***** DATA RECORDS

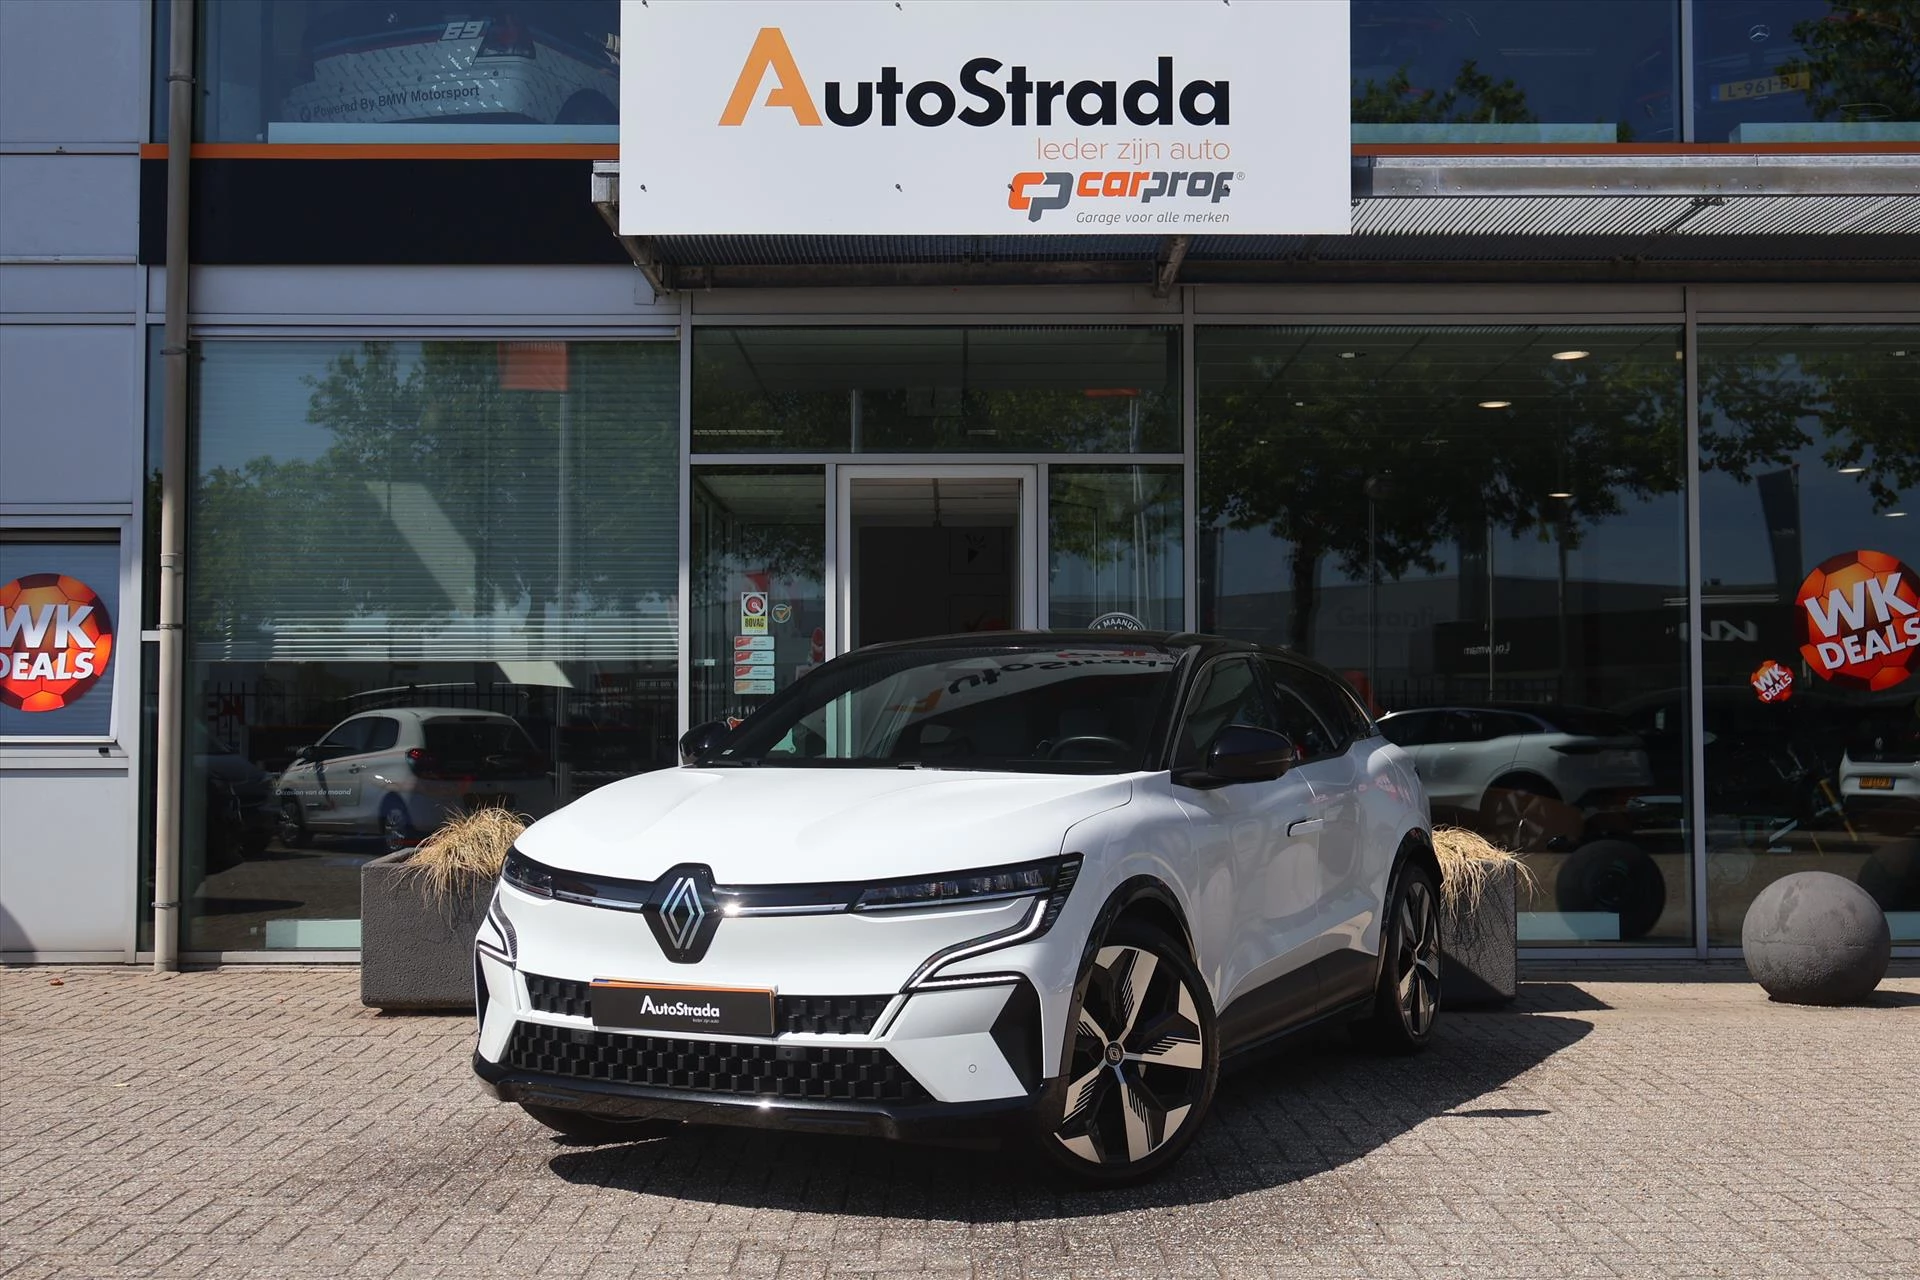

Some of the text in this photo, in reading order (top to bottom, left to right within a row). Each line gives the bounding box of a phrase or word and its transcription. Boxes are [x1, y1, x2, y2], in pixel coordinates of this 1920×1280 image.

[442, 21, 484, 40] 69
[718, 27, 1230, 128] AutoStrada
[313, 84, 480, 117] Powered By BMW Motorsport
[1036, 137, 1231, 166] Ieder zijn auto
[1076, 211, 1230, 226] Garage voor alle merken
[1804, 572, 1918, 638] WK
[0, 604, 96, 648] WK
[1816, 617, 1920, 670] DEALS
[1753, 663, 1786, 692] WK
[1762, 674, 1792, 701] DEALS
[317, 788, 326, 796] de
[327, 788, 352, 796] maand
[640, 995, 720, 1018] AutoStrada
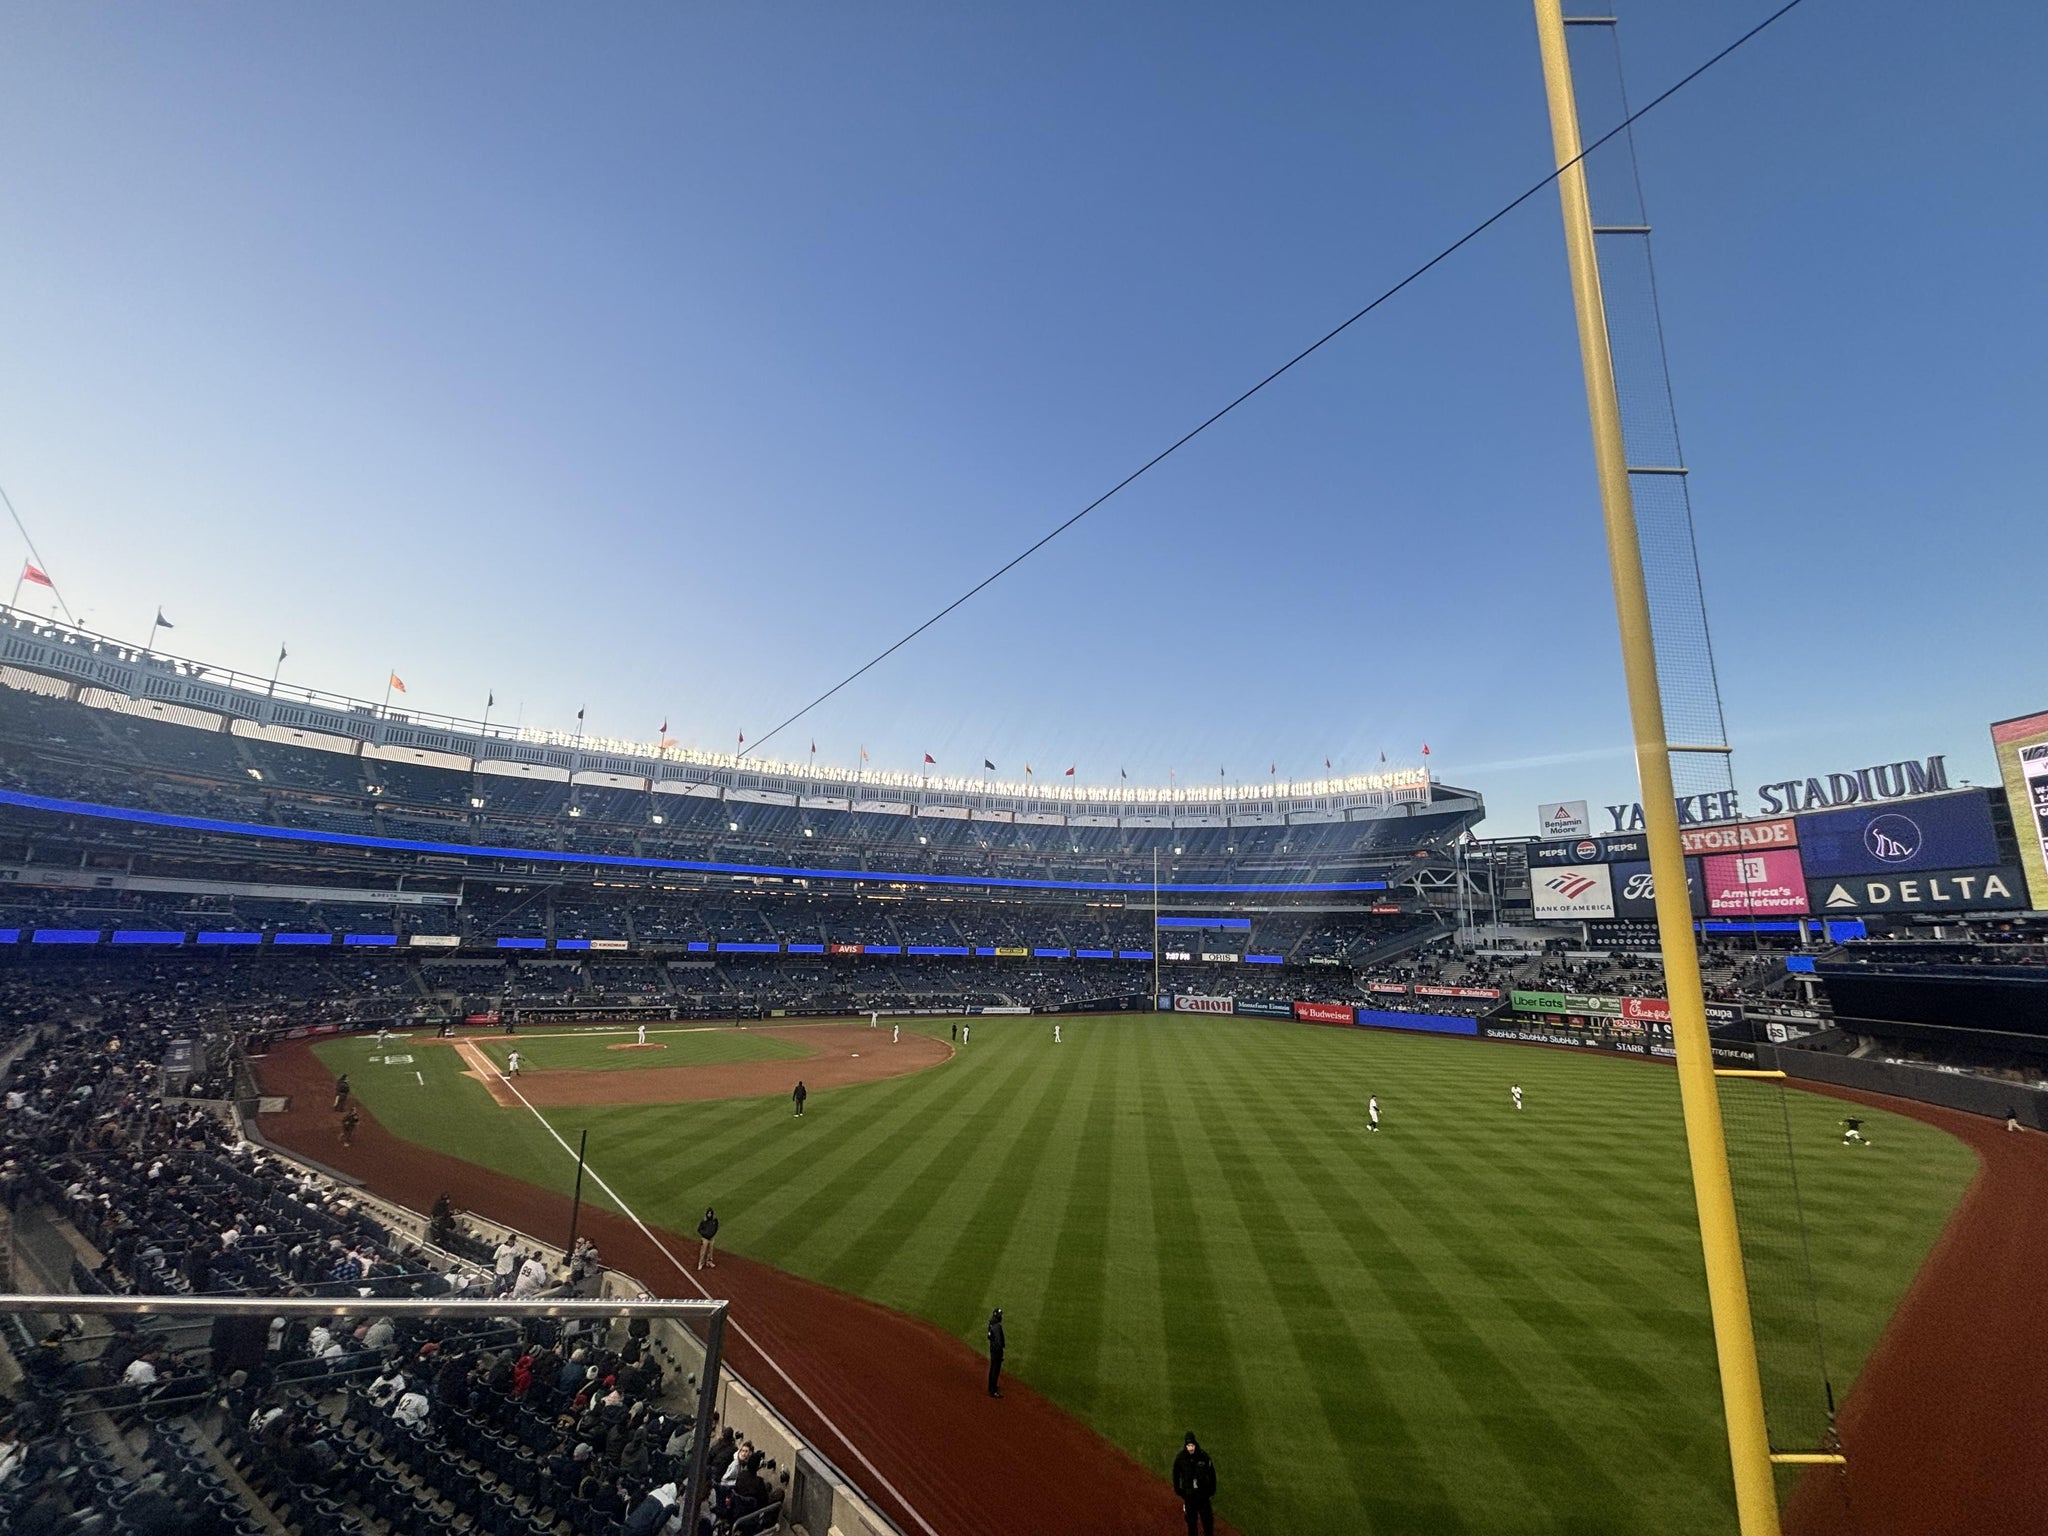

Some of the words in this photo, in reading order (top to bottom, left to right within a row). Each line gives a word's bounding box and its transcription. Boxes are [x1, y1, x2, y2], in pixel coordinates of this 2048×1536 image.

**********

▶ TASK GOAL
An exact copy of the listing above is to be set down, with no pictures in it.

▶ ANSWER TO THIS PROBLEM
Some of the text in this photo, in reading order (top to bottom, left to right within a row). Each line gives the bounding box of a phrase or word and its transcription. Boxes are [x1, y1, x2, y2], in pixel coordinates of this 1920×1280 image.

[442, 21, 484, 40] 69
[718, 27, 1230, 128] AutoStrada
[313, 84, 480, 117] Powered By BMW Motorsport
[1036, 137, 1231, 166] Ieder zijn auto
[1076, 211, 1230, 226] Garage voor alle merken
[1804, 572, 1918, 638] WK
[0, 604, 96, 648] WK
[1816, 617, 1920, 670] DEALS
[1753, 663, 1786, 692] WK
[1762, 674, 1792, 701] DEALS
[317, 788, 326, 796] de
[327, 788, 352, 796] maand
[640, 995, 720, 1018] AutoStrada

Some of the words in this photo, in reading order (top to bottom, left to right within a row). Each line gives a word's bounding box and its transcription. Boxes are [x1, y1, x2, y2], in pixel coordinates of this 2048×1536 image.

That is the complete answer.